** Your assignment **
In the copy, include every entry exactly but none of its images.

** Source data **
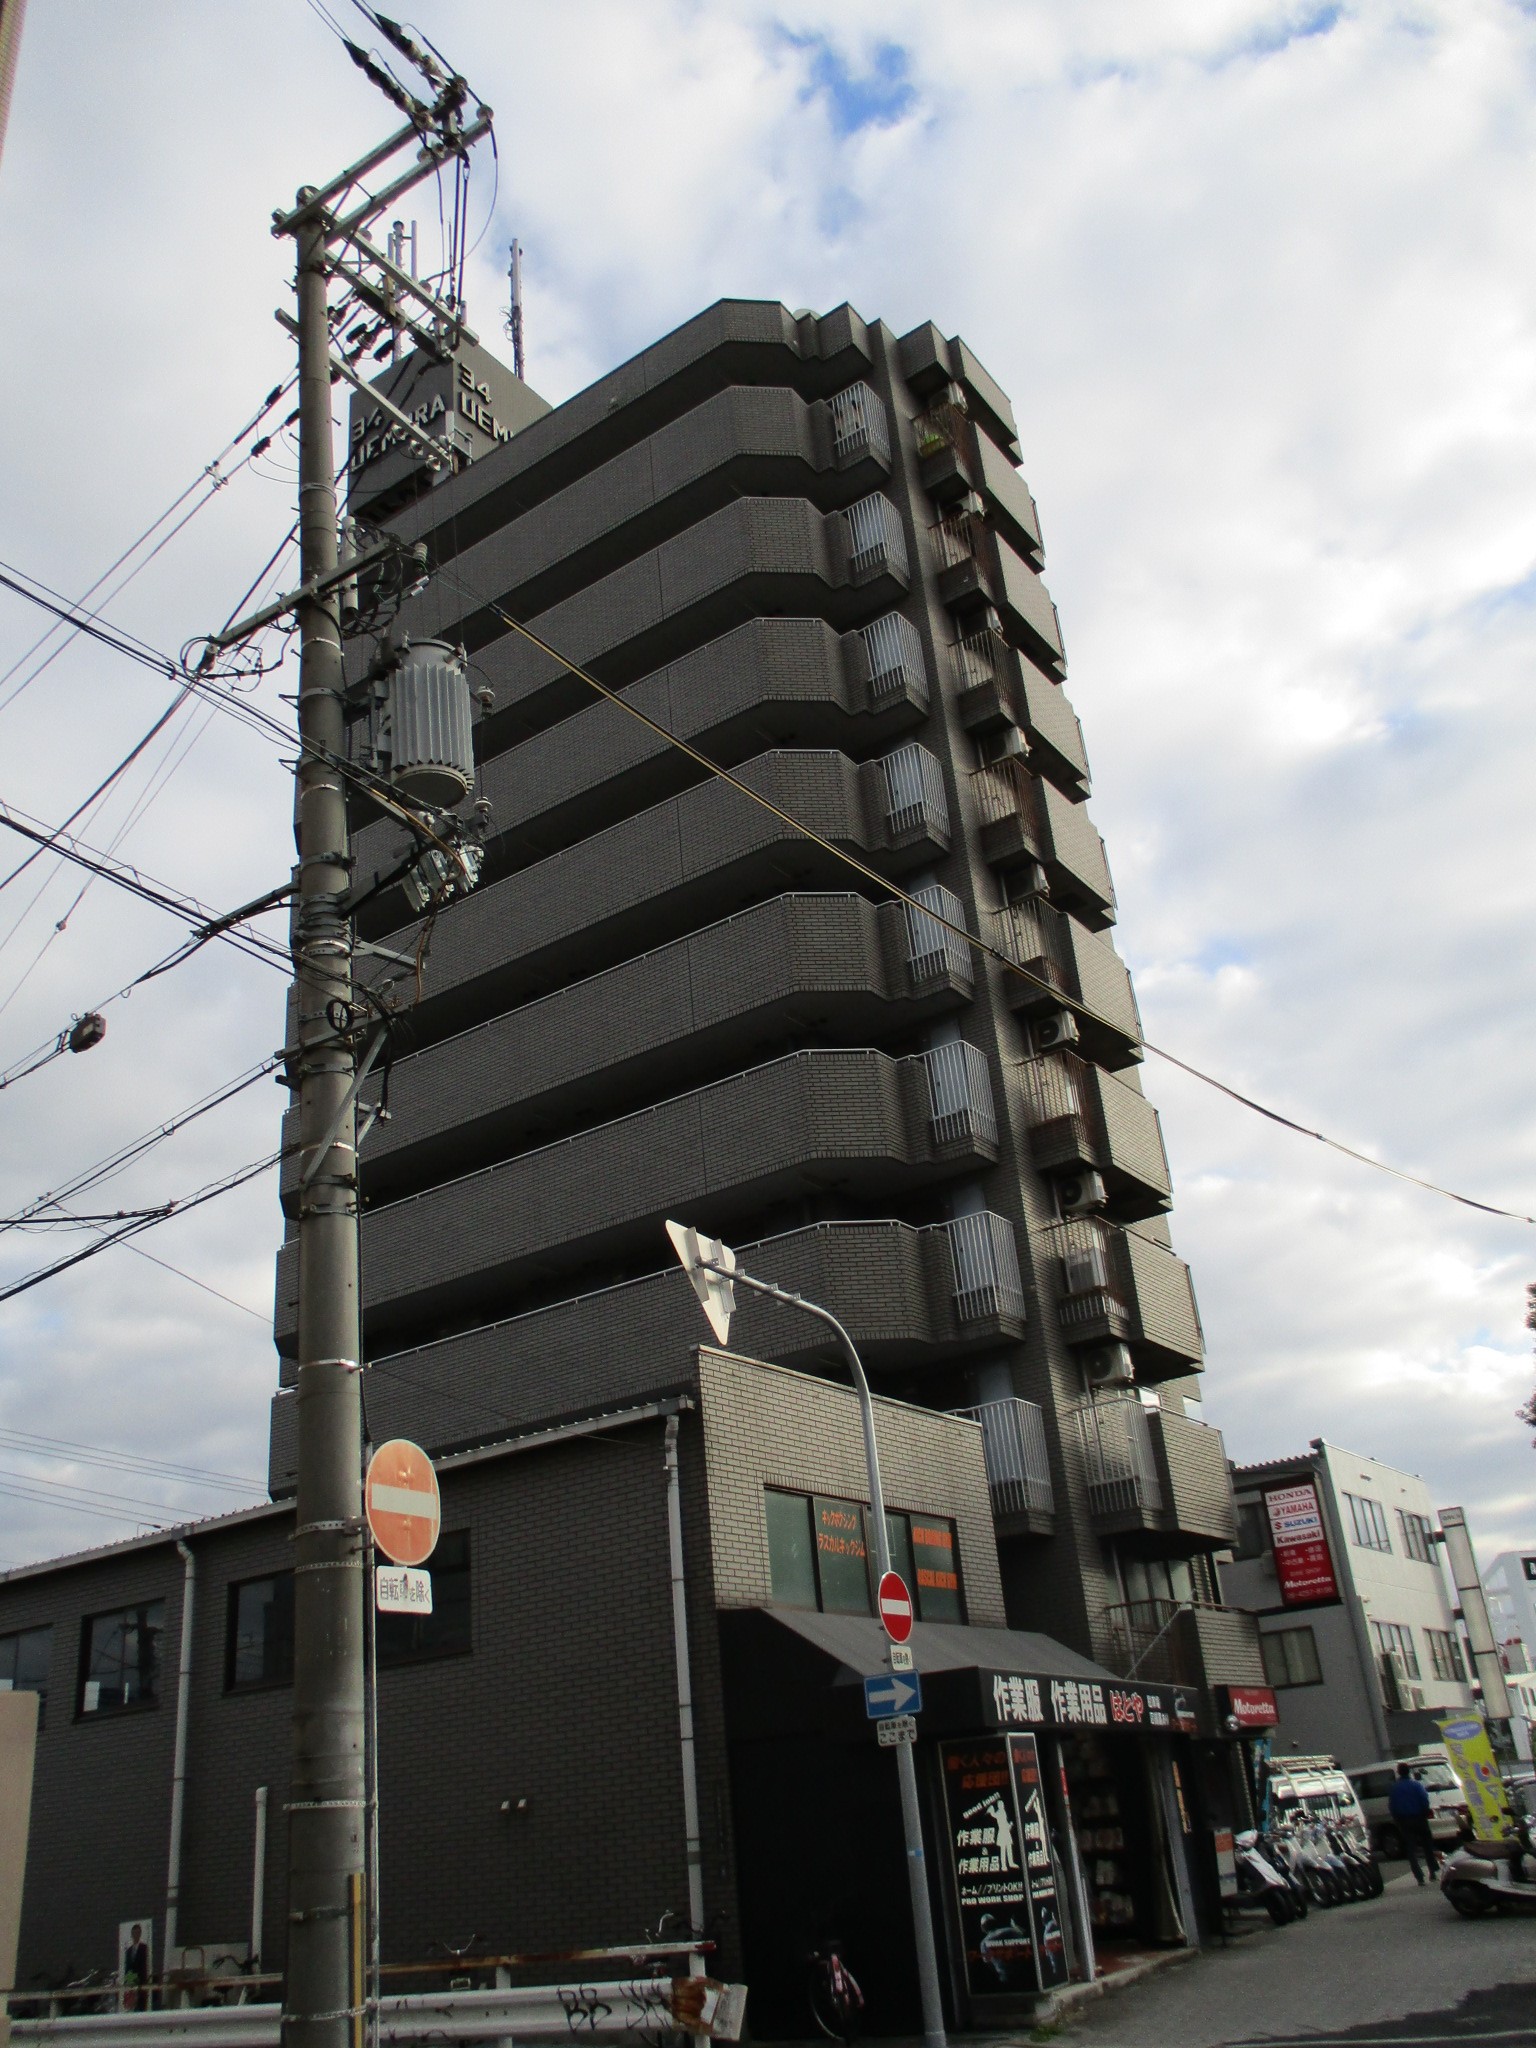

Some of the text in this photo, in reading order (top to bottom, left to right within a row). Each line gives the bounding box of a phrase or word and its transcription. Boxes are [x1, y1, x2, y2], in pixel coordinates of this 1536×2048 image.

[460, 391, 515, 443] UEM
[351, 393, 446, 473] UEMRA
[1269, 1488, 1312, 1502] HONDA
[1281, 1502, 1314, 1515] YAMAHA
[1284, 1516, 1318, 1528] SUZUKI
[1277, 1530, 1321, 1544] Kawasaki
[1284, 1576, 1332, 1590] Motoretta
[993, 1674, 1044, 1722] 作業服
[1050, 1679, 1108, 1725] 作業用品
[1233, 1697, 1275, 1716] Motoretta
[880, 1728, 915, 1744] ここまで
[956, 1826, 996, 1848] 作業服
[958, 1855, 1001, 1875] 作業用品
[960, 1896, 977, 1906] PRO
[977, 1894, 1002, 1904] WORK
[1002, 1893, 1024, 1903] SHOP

** Response to the task **
Some of the text in this photo, in reading order (top to bottom, left to right within a row). Each line gives the bounding box of a phrase or word and its transcription. Boxes are [x1, y1, x2, y2], in pixel coordinates of this 1536×2048 image.

[460, 391, 515, 443] UEM
[351, 393, 446, 473] UEMRA
[1269, 1488, 1312, 1502] HONDA
[1281, 1502, 1314, 1515] YAMAHA
[1284, 1516, 1318, 1528] SUZUKI
[1277, 1530, 1321, 1544] Kawasaki
[1284, 1576, 1332, 1590] Motoretta
[993, 1674, 1044, 1722] 作業服
[1050, 1679, 1108, 1725] 作業用品
[1233, 1697, 1275, 1716] Motoretta
[880, 1728, 915, 1744] ここまで
[956, 1826, 996, 1848] 作業服
[958, 1855, 1001, 1875] 作業用品
[960, 1896, 977, 1906] PRO
[977, 1894, 1002, 1904] WORK
[1002, 1893, 1024, 1903] SHOP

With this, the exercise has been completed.